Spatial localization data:
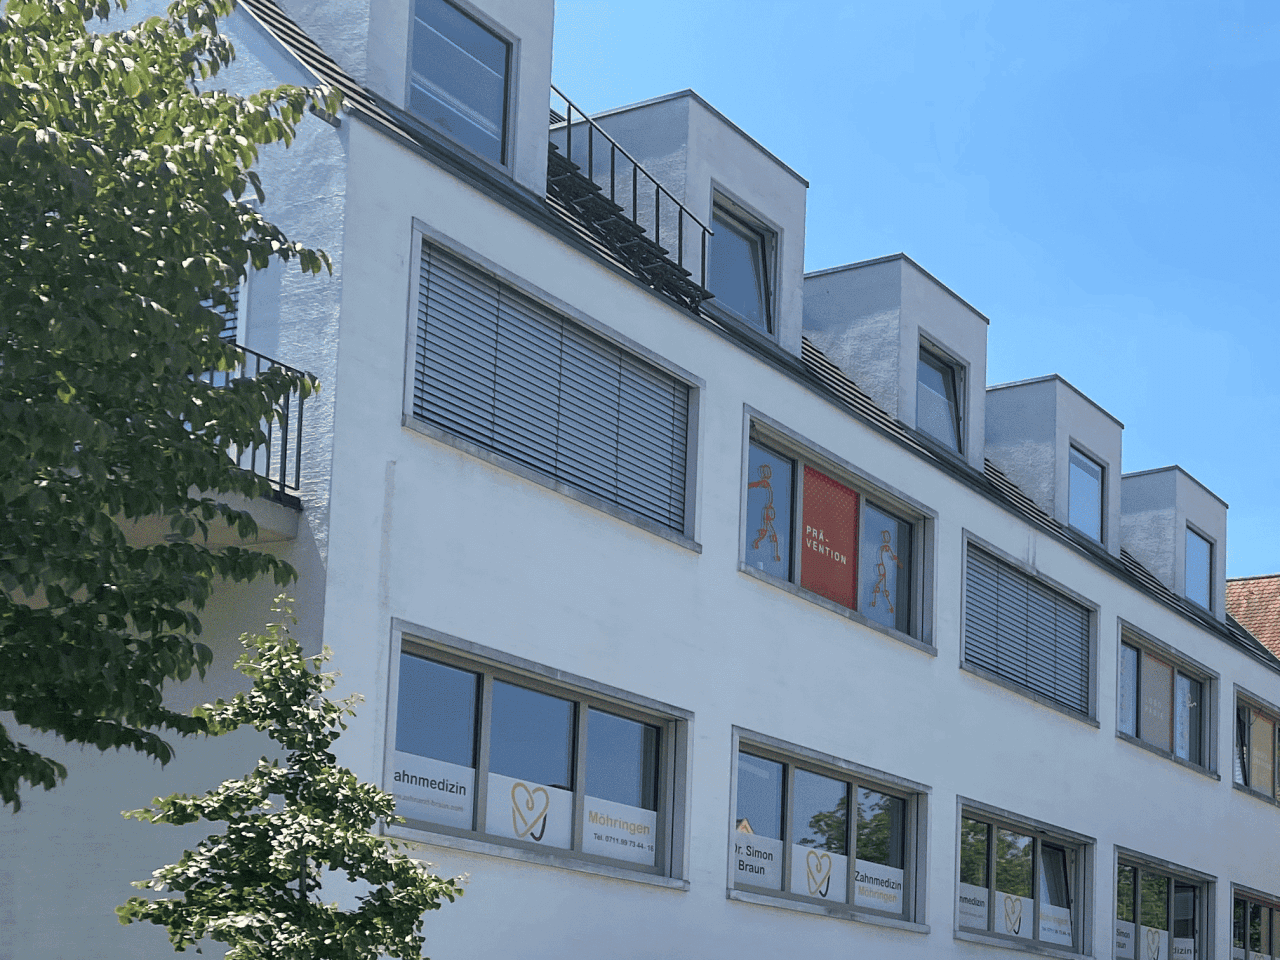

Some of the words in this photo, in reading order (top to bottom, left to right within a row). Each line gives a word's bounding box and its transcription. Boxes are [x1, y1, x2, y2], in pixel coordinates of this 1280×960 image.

[806, 524, 829, 542] PRÄ-
[806, 538, 847, 565] VENTION
[588, 810, 651, 835] Möhringen
[745, 845, 774, 862] Simon
[738, 859, 766, 876] Braun
[854, 870, 902, 891] Zahnmedizin
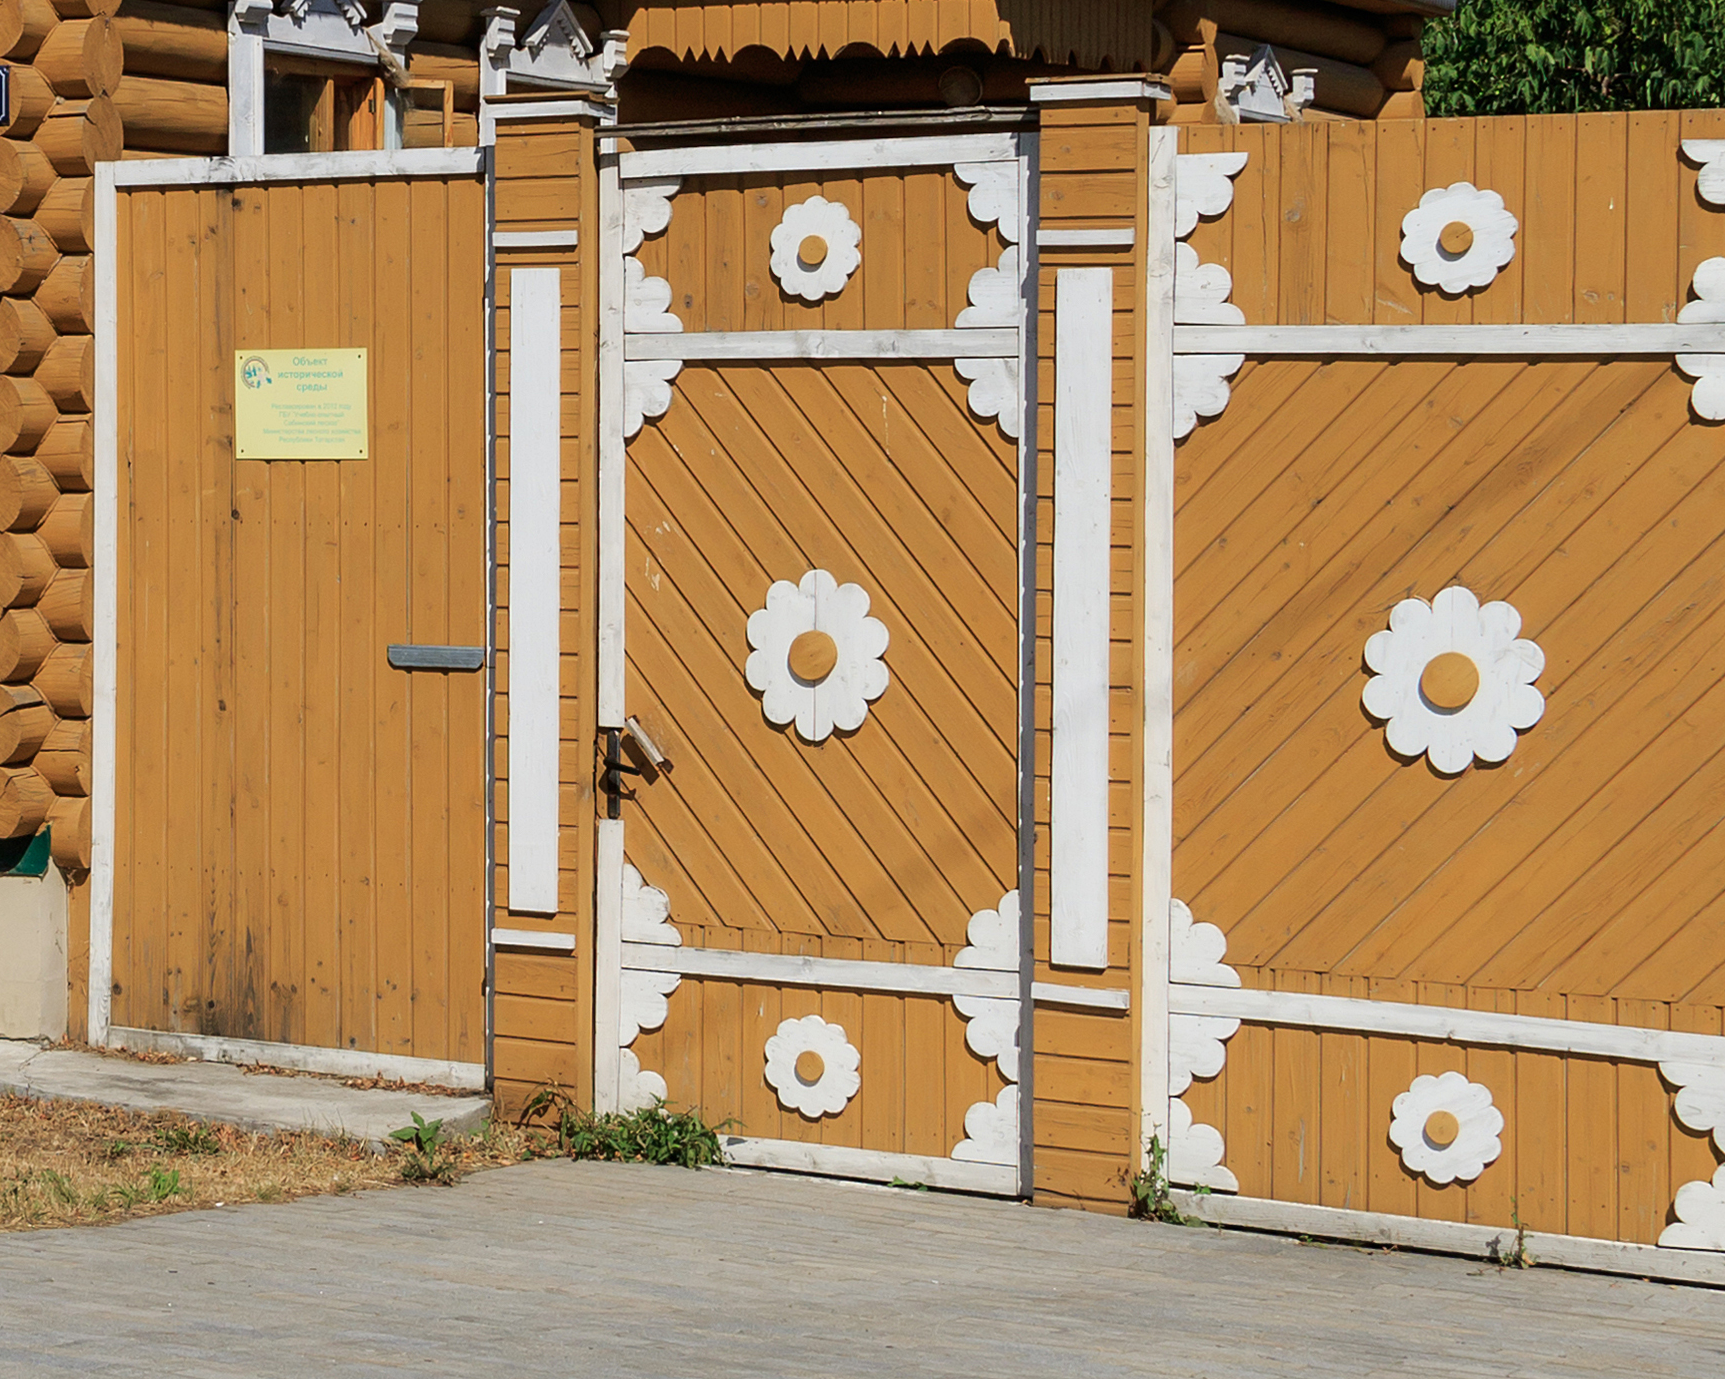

• _TASK DIRECTIONS_: Write out each entry again exactly, and skip the pictures.

• _ANSWER AREA_:
Some of the words in this photo, in reading order (top to bottom, left to right within a row). Each line gives a word's bounding box and its transcription. Boxes are [x1, y1, x2, y2], in pixel coordinates of this 1280×960 image.

[806, 524, 829, 542] PRÄ-
[806, 538, 847, 565] VENTION
[588, 810, 651, 835] Möhringen
[745, 845, 774, 862] Simon
[738, 859, 766, 876] Braun
[854, 870, 902, 891] Zahnmedizin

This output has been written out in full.